**AIM OF THE TASK**
Set down the data again exactly. Pictures are not part of the copy.

Start of Block

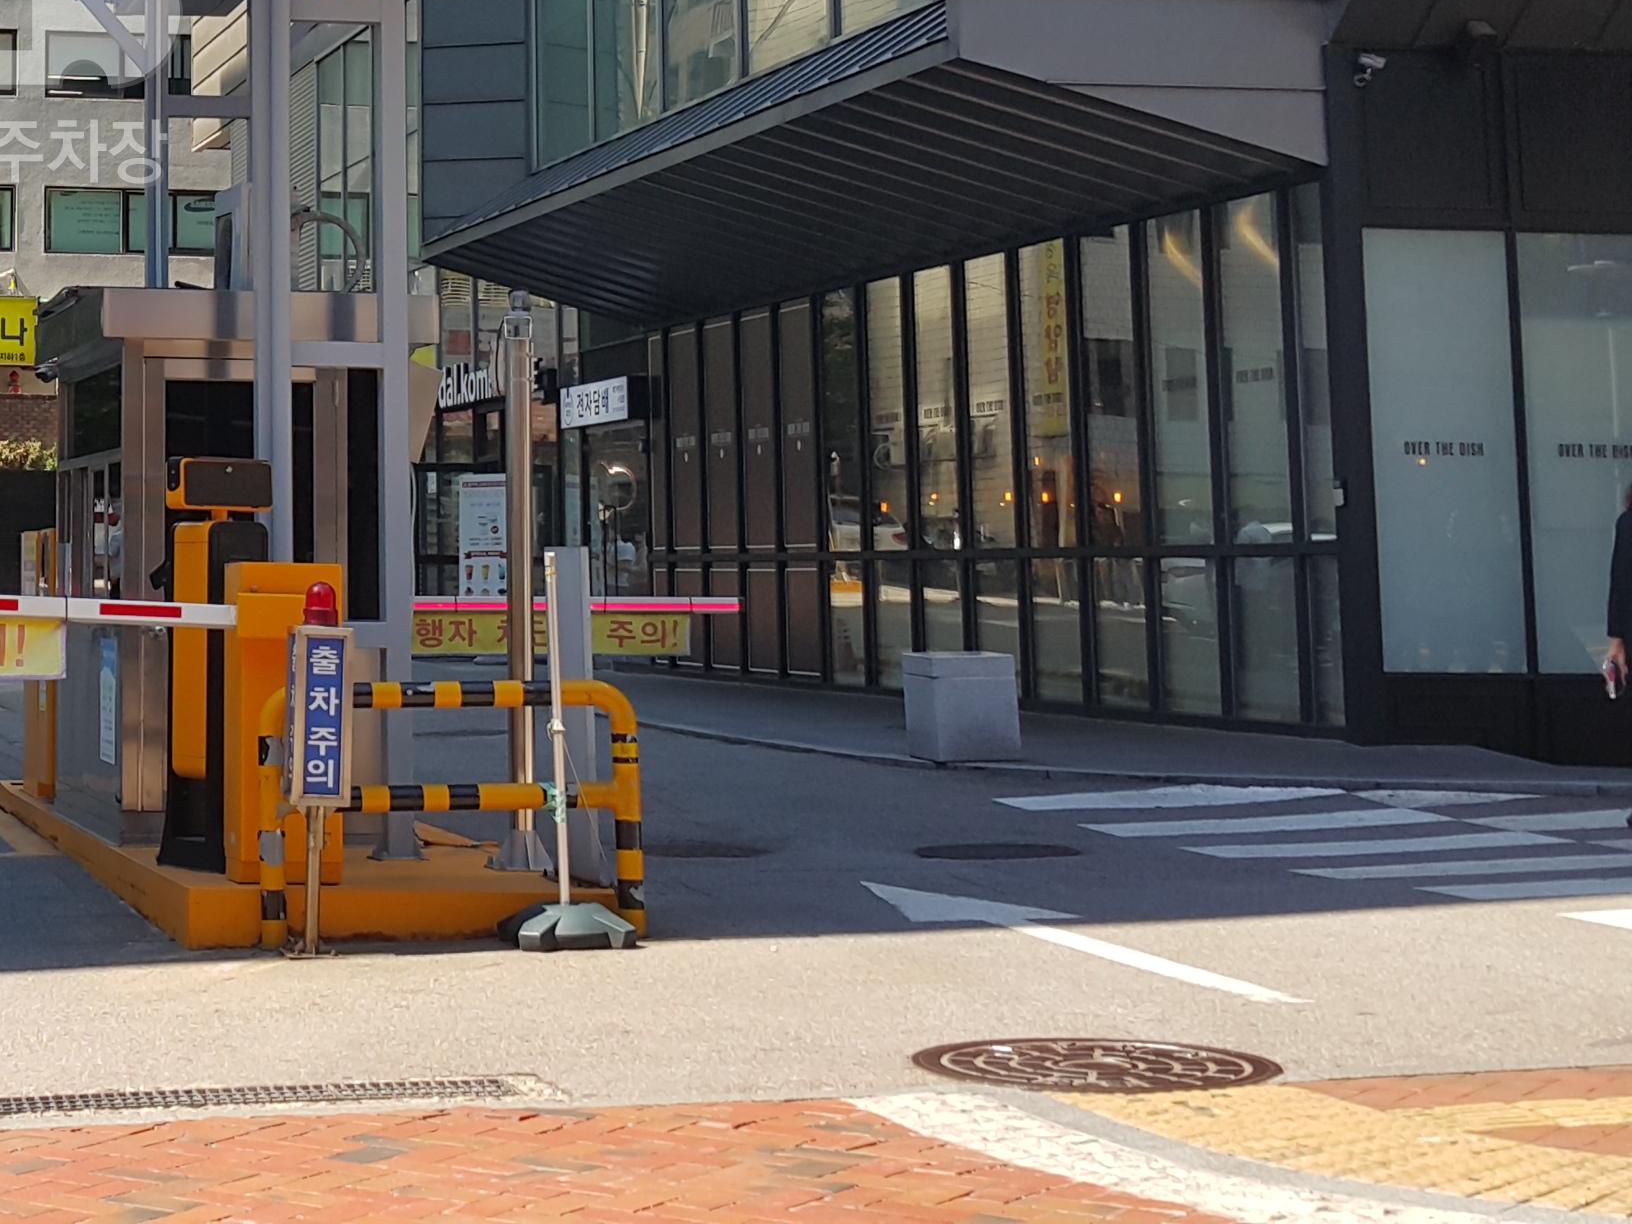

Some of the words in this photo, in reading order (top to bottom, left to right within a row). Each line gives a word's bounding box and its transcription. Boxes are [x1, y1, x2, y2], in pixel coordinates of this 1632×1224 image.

[576, 387, 610, 419] 전자담배
[1404, 441, 1430, 456] OVER
[1436, 441, 1454, 456] THE
[1459, 442, 1484, 457] DISH
[1558, 443, 1584, 458] OVER
[1589, 444, 1607, 458] THE
[415, 618, 478, 649] 행자
[607, 619, 680, 649] 주의!
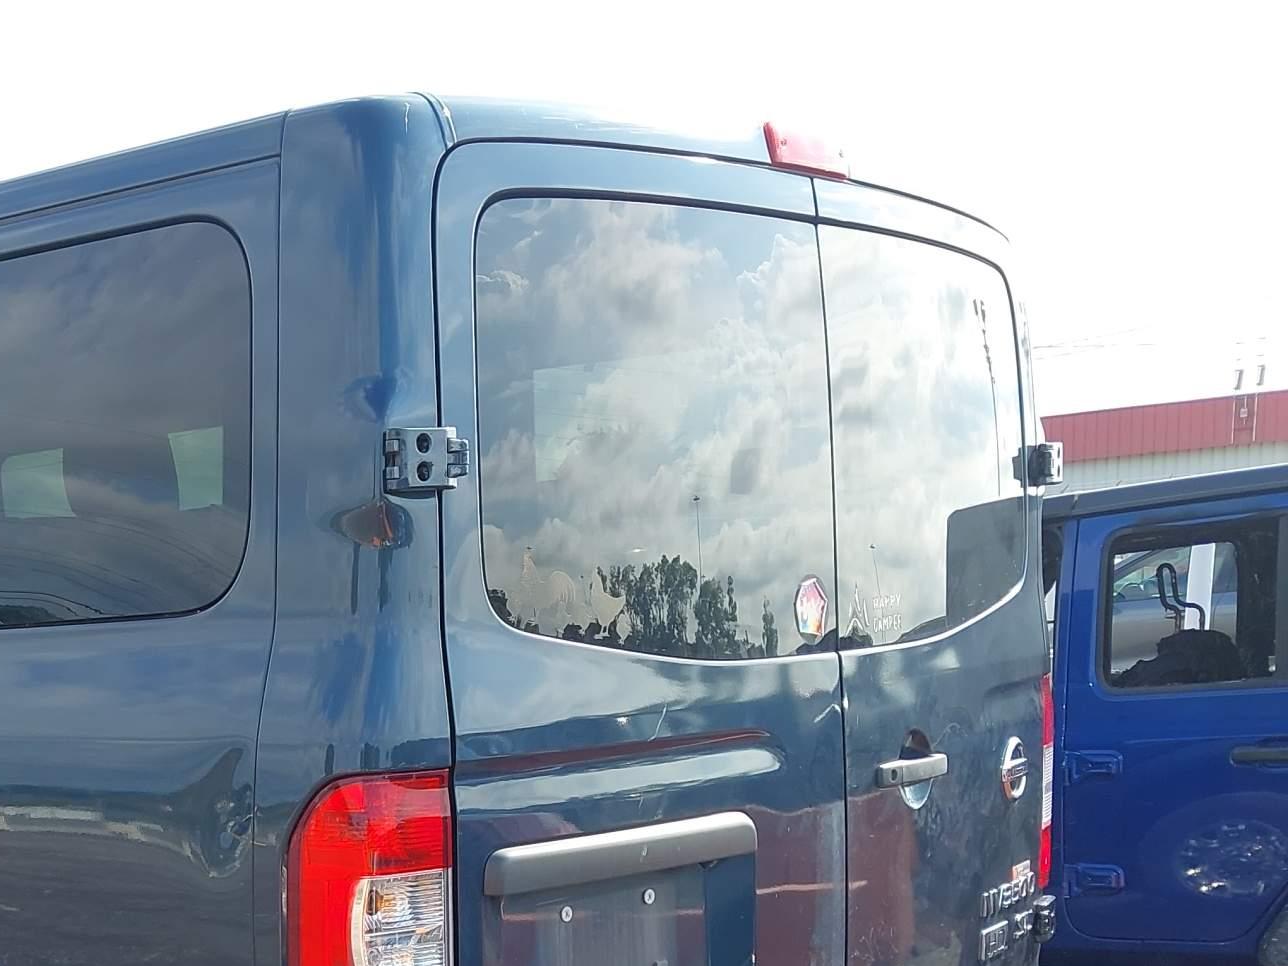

End of Block

**RESULT BELOW**
Some of the words in this photo, in reading order (top to bottom, left to right within a row). Each line gives a word's bounding box and its transcription. Boxes are [x1, y1, x2, y2], in pixel coordinates of this 1632×1224 image.

[576, 387, 610, 419] 전자담배
[1404, 441, 1430, 456] OVER
[1436, 441, 1454, 456] THE
[1459, 442, 1484, 457] DISH
[1558, 443, 1584, 458] OVER
[1589, 444, 1607, 458] THE
[415, 618, 478, 649] 행자
[607, 619, 680, 649] 주의!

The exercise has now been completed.